In 1879 she married Henry Stopes, a keen palaeontologist and moved to Upper Norwood, but bankruptcy in 1892 forced them to sell their home and she returned to Edinburgh in the hopes of attaining a masters. Her plans were thwarted by a timetable clash and she returned to London leaving her daughters, Marie and Winifred at school in Edinburgh whilst she pursued her passion for Shakespearean research. She had already refuted the claim that Francis Bacon was the author of Shakespeare’s plays in 1888 and she was to write at least a further nine publications on Shakespeare’s life and works.
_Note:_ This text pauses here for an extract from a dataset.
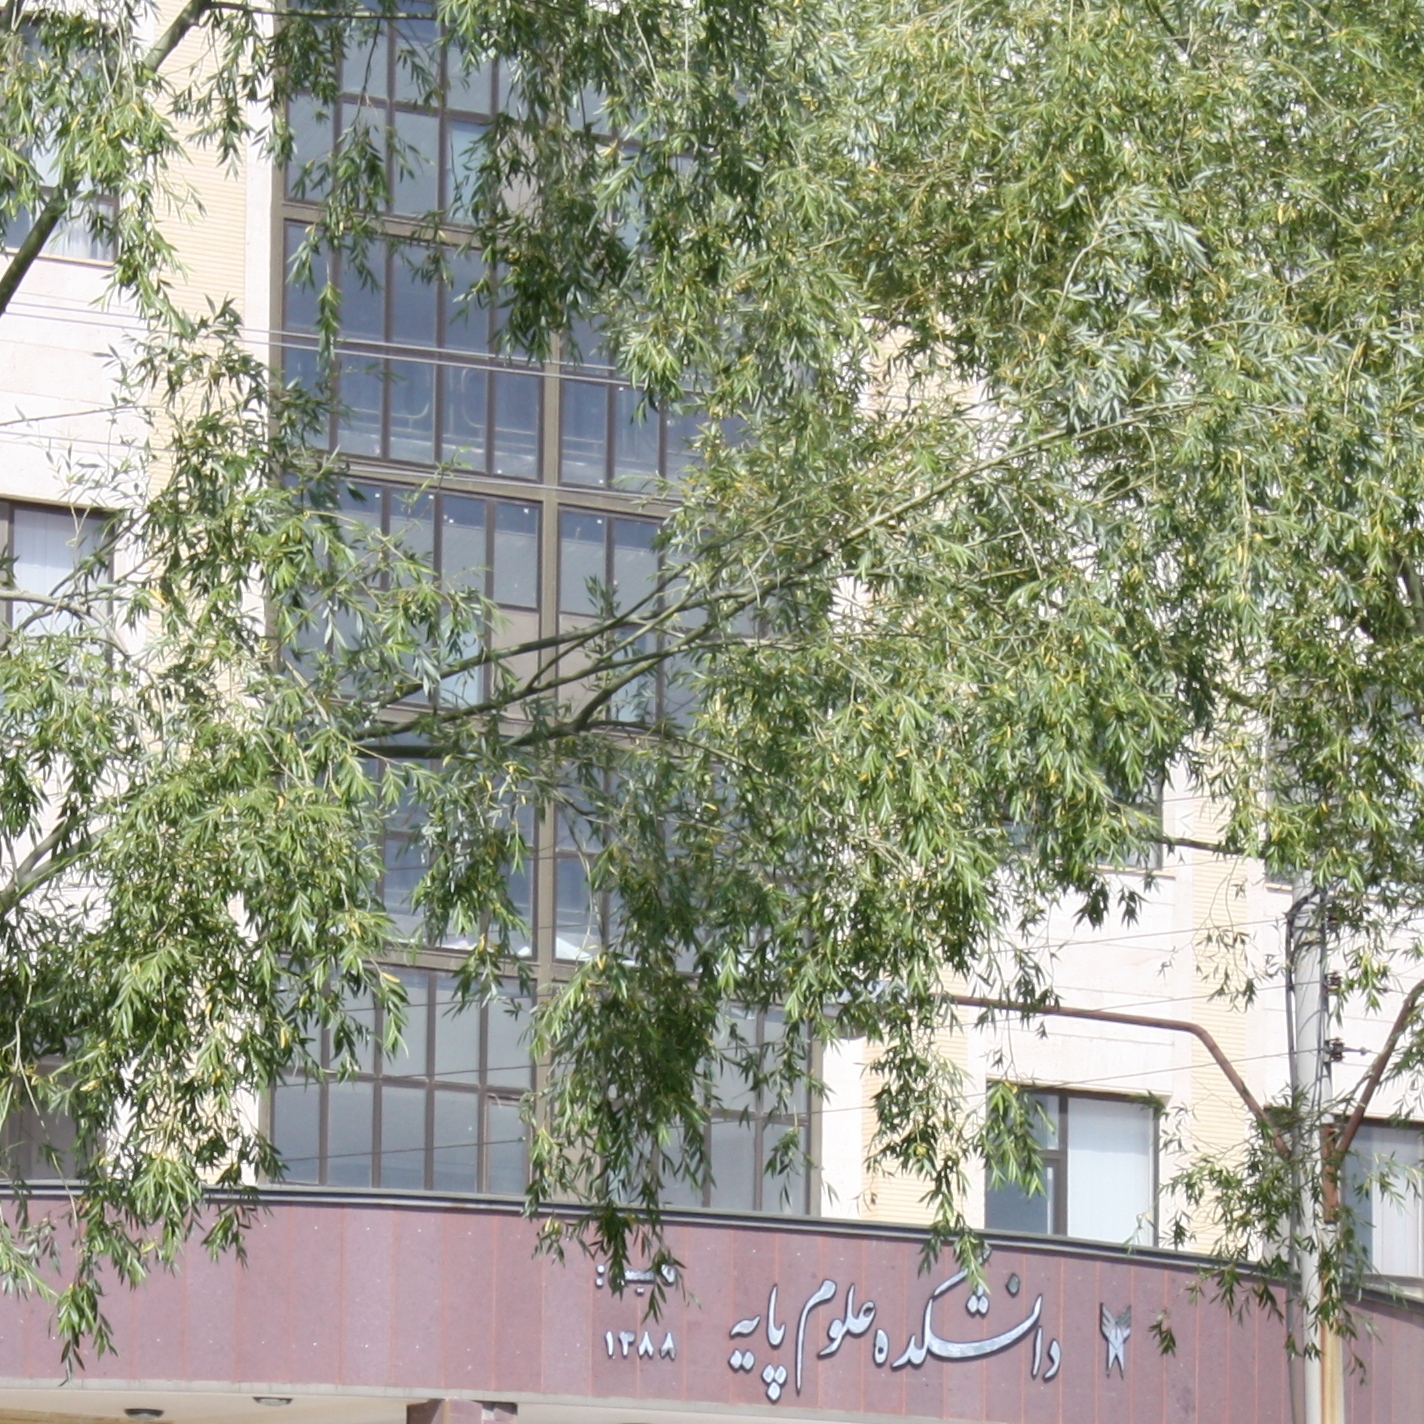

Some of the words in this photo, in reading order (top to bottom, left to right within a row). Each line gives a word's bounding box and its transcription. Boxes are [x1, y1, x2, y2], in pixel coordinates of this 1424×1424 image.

[727, 1283, 789, 1404] پایه
[795, 1278, 877, 1397] علوم
[874, 1243, 1062, 1382] دانشکده
Spending weekdays at her lodgings in Torrington Square, which was conveniently located near the British Museum, the weekends were spent at the Mansion House, Swanscombe “where with her two little girls she rusticates from Friday to Monday as a relief from the work of arduous literary research in London”.1 The Mansion House was the Elizabethan Dower house belonging to the Manor of Swanscombe replete with oak panelling and provided a delightful bolt hole for the family who enjoyed “grubbing” around the potato fields and hop furrows for pre-historic flints”.2

Charlotte’s ground-breaking publication British Freewomen: Their Historical Privilege published in 1894 outlined the historical right of women to vote, arguing that no law existed to prevent them and established her as a prominent, if now often underestimated, member of the suffrage movement.3 One wonders whether it was written during a frenetic week in London or drafted using a pen dipped into Sir Walter Scott’s ‘grubby round inkstand’ which she kept on her desk in Swanscombe.4

Sarah Tooley who interviewed Charlotte for the Women’s Penny Paper in 1895 describes the idyllic landscape around Charlotte’s home as she and Charlotte walked through “woods bright with bluebells and jubilant with birds, climbing five-barred gates and floundering in cart ruts.”5 Charlotte, however, played down its charms describing it as an “abandoned spot” which was “inhabited chiefly by miners who work in the adjacent chalk pits6 She said, “I call this house my husband’s hunting-box, as the district is so rich in flints.”7 She did however enthuse about Kent’s connections with Shakespeare and “delights to think that the great William ofttimes with his company trod the Dover Road which runs East of her garden wall.”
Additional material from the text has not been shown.